Does the description disclose side effects, auth requirements, rate limits, or destructive behavior?

With no annotations provided, the description carries the full burden. It discloses that the tool returns a list of matching races with IDs and countries, and mentions the output format. However, it doesn't cover important behavioral aspects like pagination, rate limits, error conditions, or whether the search is case-sensitive/fuzzy. The example usage adds some context but leaves gaps.

Agents need to know what a tool does to the world before calling it. Descriptions should go beyond structured annotations to explain consequences.

Conciseness5/5

Is the description appropriately sized, front-loaded, and free of redundancy?

The description is well-structured and front-loaded: purpose first, then utility, examples, and return format.
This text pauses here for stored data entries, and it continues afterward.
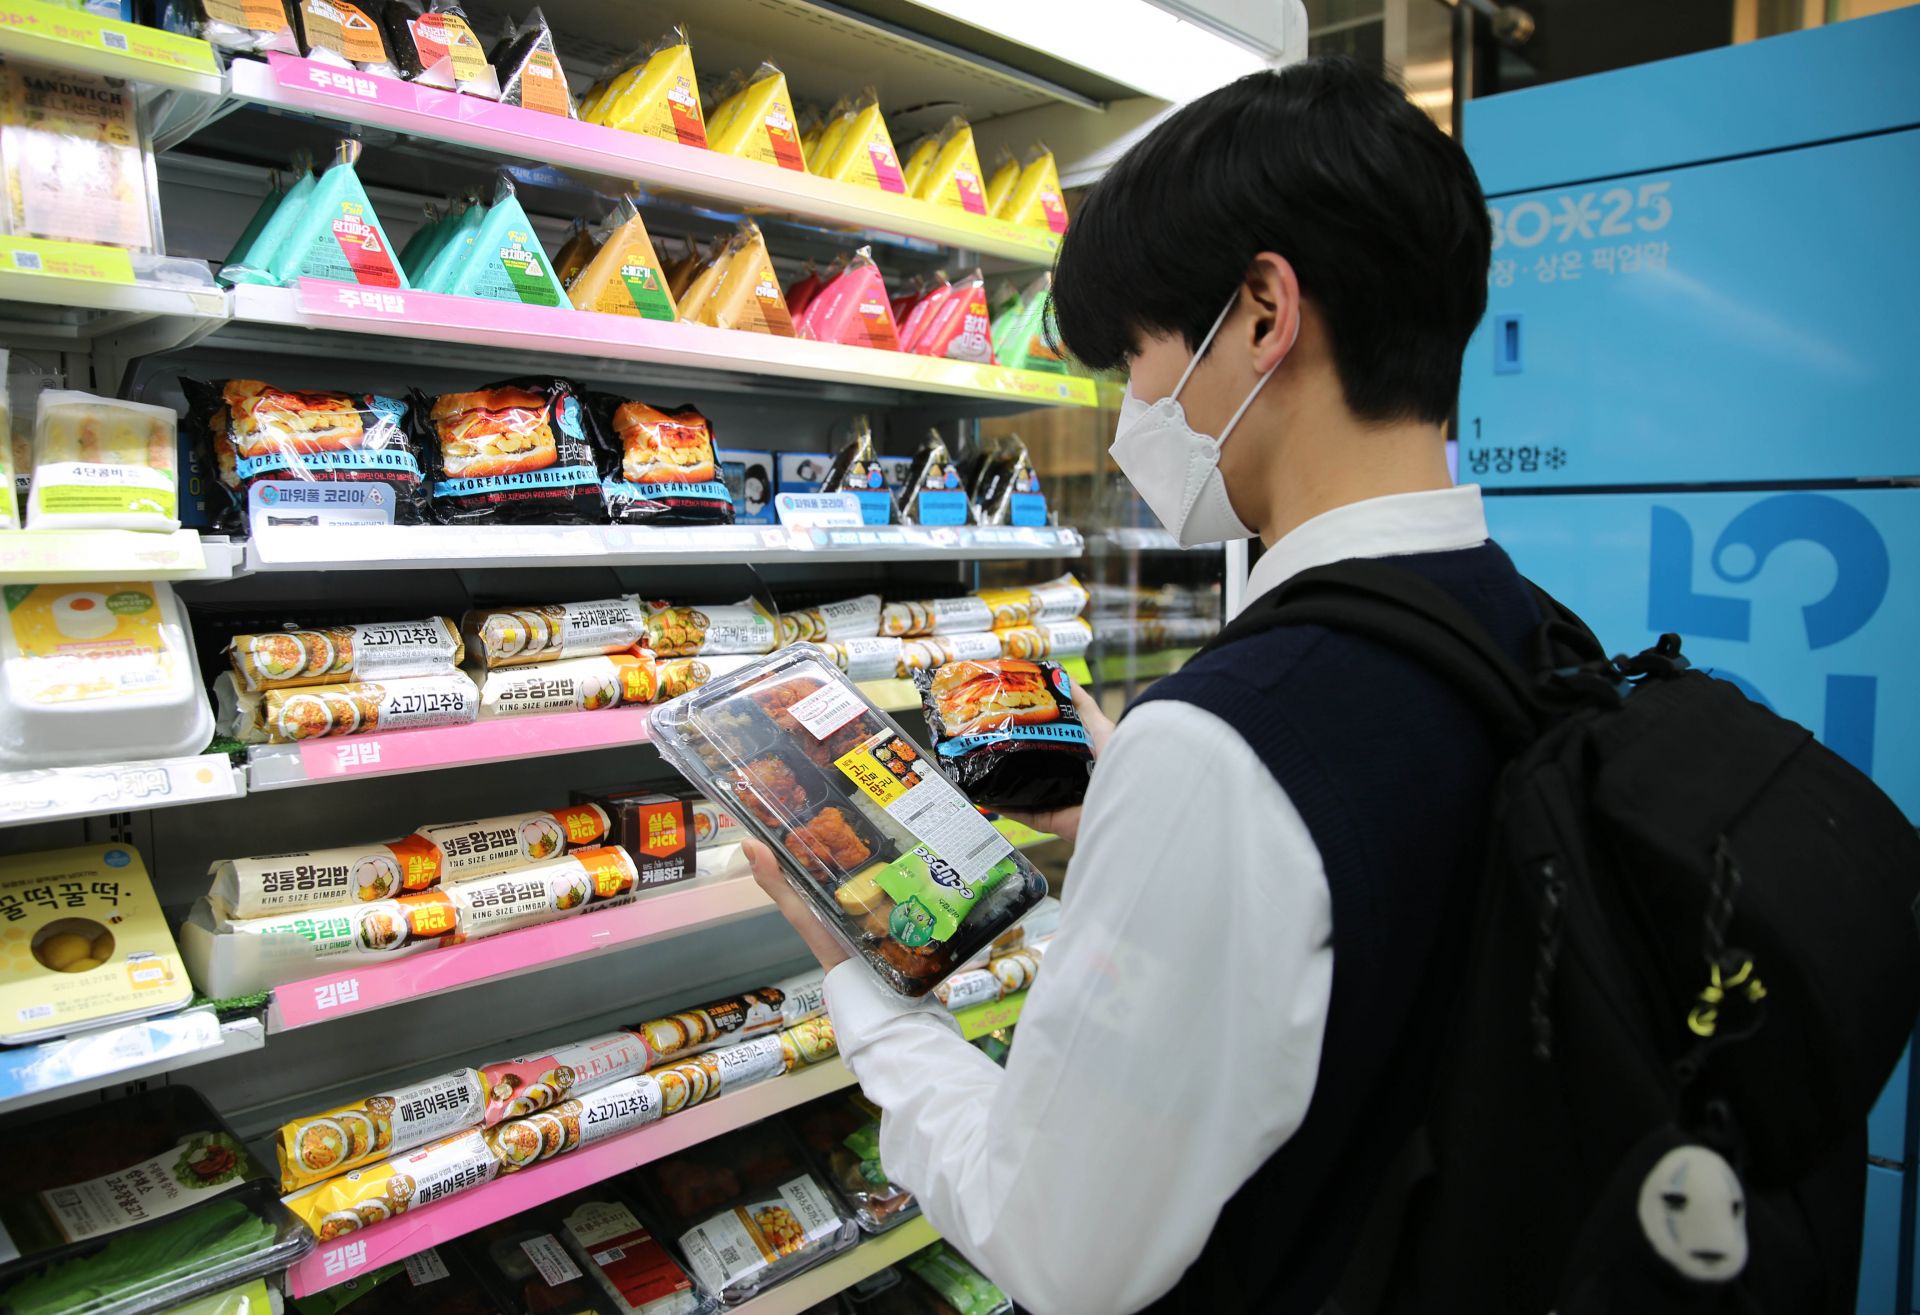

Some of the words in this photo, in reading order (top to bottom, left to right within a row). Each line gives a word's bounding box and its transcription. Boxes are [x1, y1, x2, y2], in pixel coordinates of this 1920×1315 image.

[23, 75, 122, 105] SANDWICH
[308, 67, 378, 99] 주먹밥
[338, 288, 405, 314] 주먹밥
[1472, 417, 1482, 440] 1
[1468, 446, 1540, 474] 냉장함
[72, 466, 123, 478] 4단콤비
[459, 474, 511, 491] KOREAN
[518, 471, 560, 484] ZOMBIE
[279, 488, 320, 503] 파워풀
[324, 489, 365, 504] 코리아
[640, 482, 684, 496] KOREAN
[569, 608, 634, 630] 뉴참치햄샐러드
[362, 627, 438, 646] 소고기고추장
[711, 627, 748, 642] 전주비빔
[389, 693, 464, 714] 소고기고추장
[499, 703, 519, 711] KING
[522, 702, 541, 710] SIZE
[544, 700, 573, 709] GIMBAP
[1022, 727, 1065, 737] ZOMBIE
[336, 741, 381, 768] 김밥
[566, 812, 594, 829] 실속
[648, 812, 677, 832] 실속
[442, 828, 518, 857] 정통왕김밥
[571, 826, 596, 839] PICK
[649, 834, 677, 849] PICK
[468, 855, 487, 866] SIZE
[489, 848, 519, 861] GIMBAP
[261, 865, 349, 893] 정통왕김밥
[641, 866, 685, 884] 커플SET
[912, 846, 975, 900] eclipse
[261, 896, 284, 905] KING
[288, 893, 309, 903] SIZE
[313, 889, 347, 901] GIMBAP
[467, 879, 546, 907] 정통왕김밥
[472, 910, 492, 920] KING
[495, 907, 514, 917] SIZE
[517, 901, 547, 913] GIMBAP
[416, 915, 447, 932] PICK
[329, 939, 352, 951] GIMBAP
[313, 978, 360, 1011] 김밥
[575, 1046, 631, 1083] B.E.L.T
[720, 1043, 765, 1068] 치즈돈까스
[400, 1085, 470, 1122] 매콤어묵듬뿍
[587, 1095, 649, 1125] 소고기고추장
[419, 1161, 488, 1205] 매콤어묵듬뿍
[322, 1239, 367, 1278] 김밥
Every sentence earns its place - no redundant information. The example usage is helpful without being verbose.

Shorter descriptions cost fewer tokens and are easier for agents to parse. Every sentence should earn its place.

Completeness4/5

Given the tool's complexity, does the description cover enough for an agent to succeed on first attempt?

Given the tool's moderate complexity (single parameter search), no annotations, and no output schema, the description does a good job covering purpose, usage, parameter meaning, and return format. However, it lacks details about search behavior (exact vs. partial matching, sorting) and error handling that would make it fully complete.

Complex tools with many parameters or behaviors need more documentation. Simple tools need less. This dimension scales expectations accordingly.

Parameters4/5

Does the description clarify parameter syntax, constraints, interactions, or defaults beyond what the schema provides?

The schema has 0% description coverage (no parameter descriptions in schema), but the description compensates well. It explains that the 'query' parameter is for searching by race name, provides two concrete examples ('tour' and 'giro'), and clarifies this is for name-based search. This adds significant meaning beyond the bare schema.

Input schemas describe structure but not intent. Descriptions should explain non-obvious parameter relationships and valid value ranges.

Purpose5/5

Does the description clearly state what the tool does and how it differs from similar tools?

The description clearly states the tool's purpose: 'Search for cycling races by name' (specific verb+resource). It distinguishes from siblings by focusing on name-based search rather than retrieving details, results, or rider information like get_race_details or search_rider. The description explicitly mentions what it returns and why it's useful.

Agents choose between tools based on descriptions. A clear purpose with a specific verb and resource helps agents select the right tool.

Usage Guidelines4/5

Does the description explain when to use this tool, when not to, or what alternatives exist?

The description provides clear context: 'useful when you know a race's name but need its ID for other operations,' which implicitly suggests using this tool for ID lookup rather than get_race_details for comprehensive race information. However, it doesn't explicitly state when NOT to use this tool or name specific alternatives among the siblings.

Agents often have multiple tools that could apply. Explicit usage guidance like "use X instead of Y when Z" prevents misuse.